REQUIRED ACTION:
Please return each of the entries exactly, minus their pictures.

INPUT RECORDS START

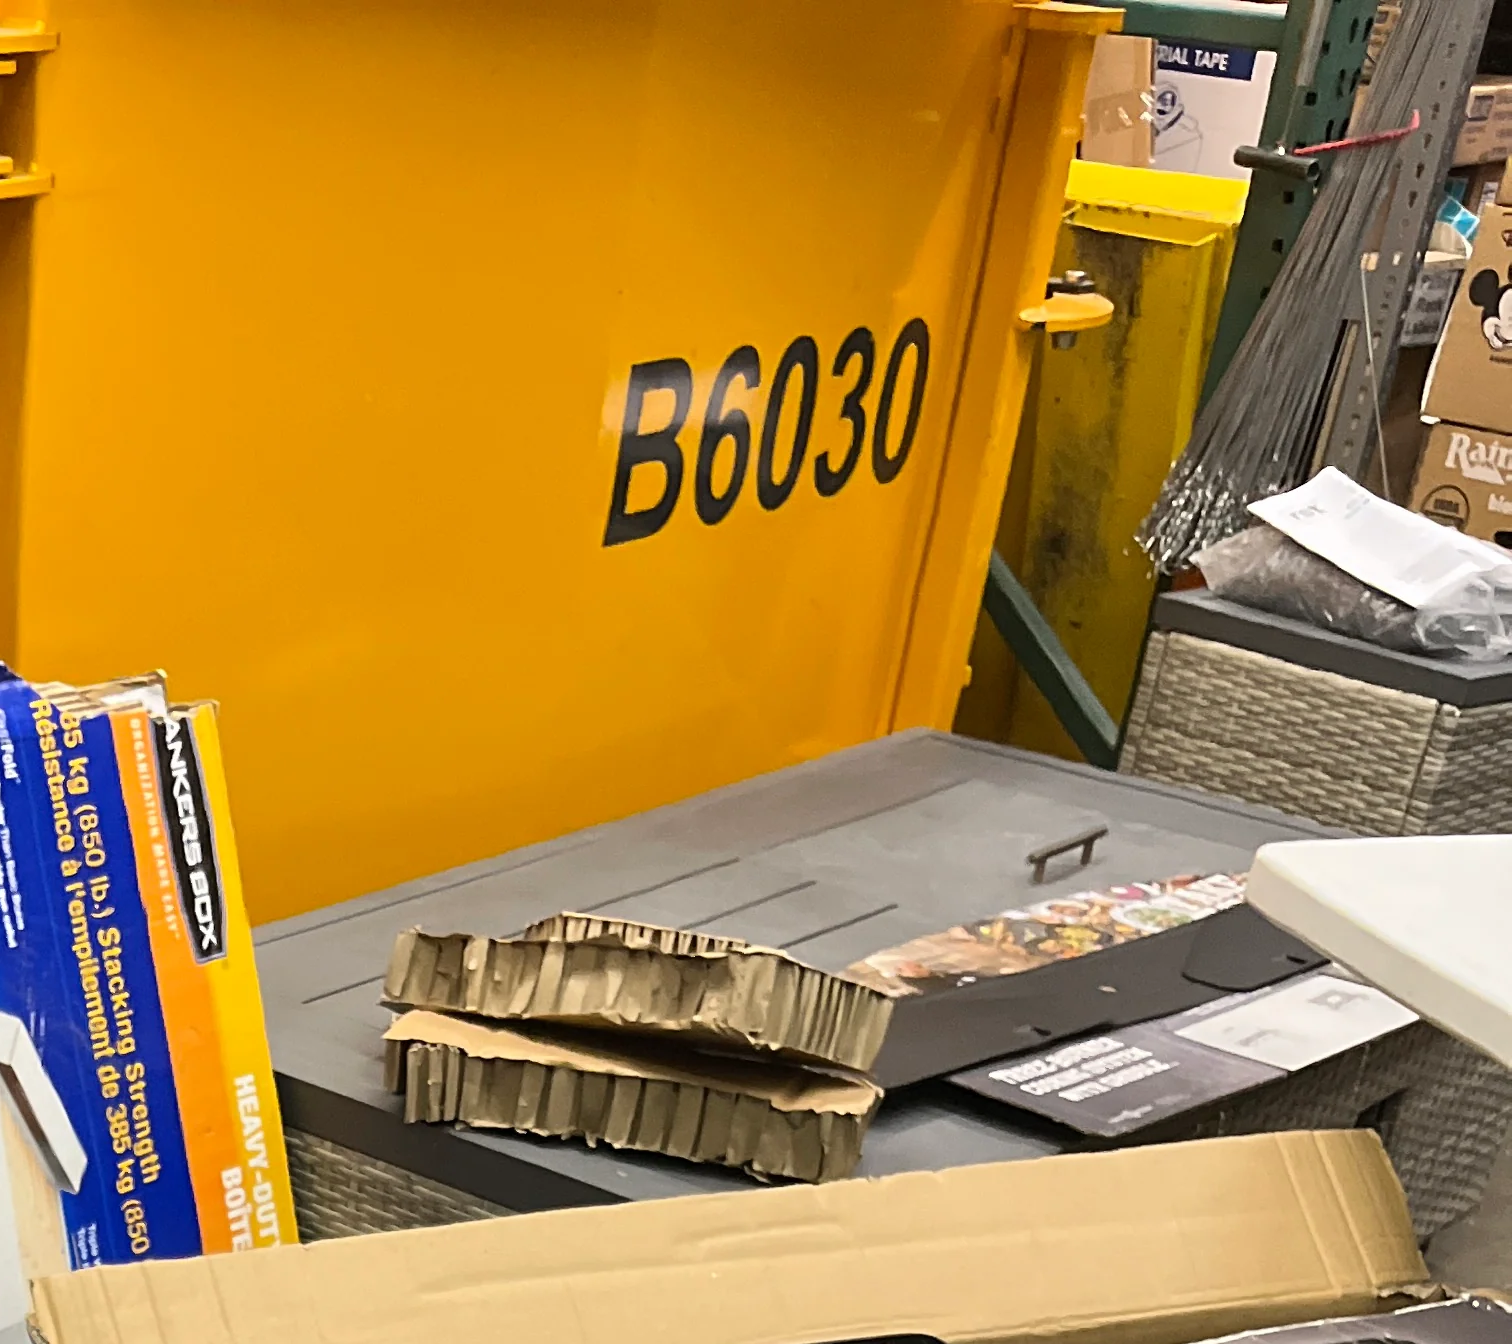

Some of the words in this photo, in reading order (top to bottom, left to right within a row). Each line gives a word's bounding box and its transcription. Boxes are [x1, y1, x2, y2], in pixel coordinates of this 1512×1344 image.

[1193, 49, 1228, 70] TAPE
[601, 317, 930, 548] B6030
[60, 708, 83, 748] 85
[30, 698, 74, 851] Résistance
[66, 757, 89, 795] kg
[74, 804, 106, 867] (850
[160, 718, 202, 866] ANKERS
[190, 870, 217, 949] BOX
[59, 857, 83, 877] à
[89, 876, 115, 918] lb.)
[67, 883, 114, 1058] l'empilement
[96, 928, 135, 1054] Stacking
[98, 1065, 120, 1098] de
[106, 1104, 132, 1154] 385
[118, 1063, 160, 1183] Strength
[116, 1159, 134, 1194] kg
[77, 1228, 88, 1260] Triple
[88, 1224, 98, 1257] Triple
[122, 1200, 150, 1254] (850
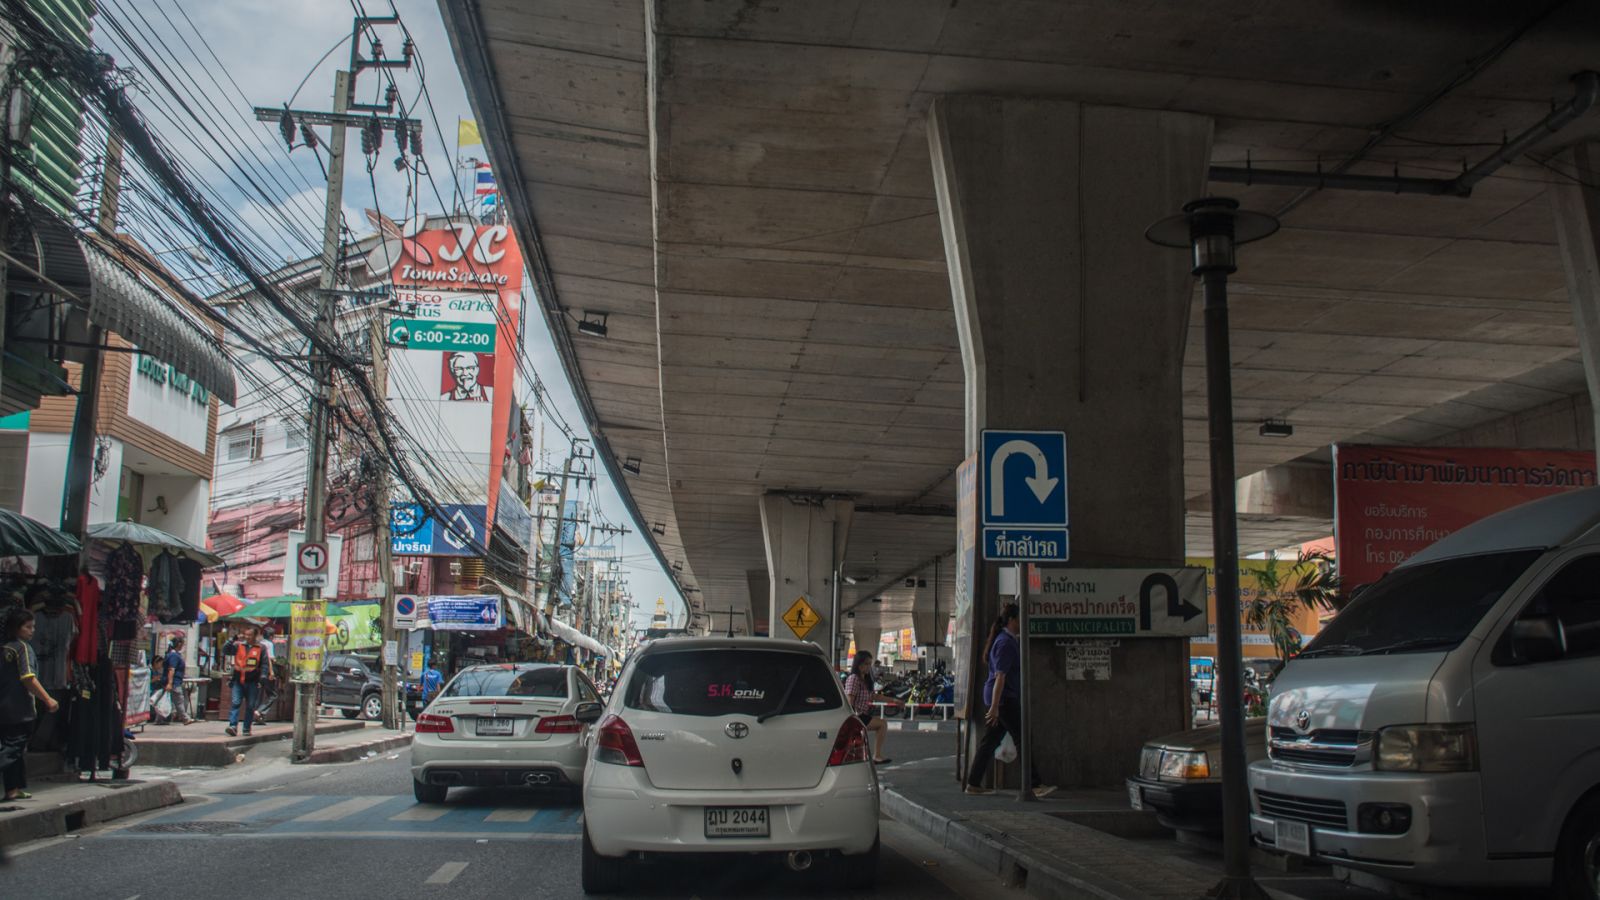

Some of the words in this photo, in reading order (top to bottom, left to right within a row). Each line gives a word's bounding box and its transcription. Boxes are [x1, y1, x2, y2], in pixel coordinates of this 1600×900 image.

INPUT RECORDS END

RESULT OF THE EXERCISE:
Some of the words in this photo, in reading order (top to bottom, left to right within a row). Each line gives a word's bounding box and its transcription. Boxes are [x1, y1, x2, y2], in pixel coordinates of this 1512×1344 image.

[1193, 49, 1228, 70] TAPE
[601, 317, 930, 548] B6030
[60, 708, 83, 748] 85
[30, 698, 74, 851] Résistance
[66, 757, 89, 795] kg
[74, 804, 106, 867] (850
[160, 718, 202, 866] ANKERS
[190, 870, 217, 949] BOX
[59, 857, 83, 877] à
[89, 876, 115, 918] lb.)
[67, 883, 114, 1058] l'empilement
[96, 928, 135, 1054] Stacking
[98, 1065, 120, 1098] de
[106, 1104, 132, 1154] 385
[118, 1063, 160, 1183] Strength
[116, 1159, 134, 1194] kg
[77, 1228, 88, 1260] Triple
[88, 1224, 98, 1257] Triple
[122, 1200, 150, 1254] (850

Some of the words in this photo, in reading order (top to bottom, left to right within a row). Each line gives a word's bounding box and its transcription. Boxes are [x1, y1, x2, y2], in pixel coordinates of this 1600×900 image.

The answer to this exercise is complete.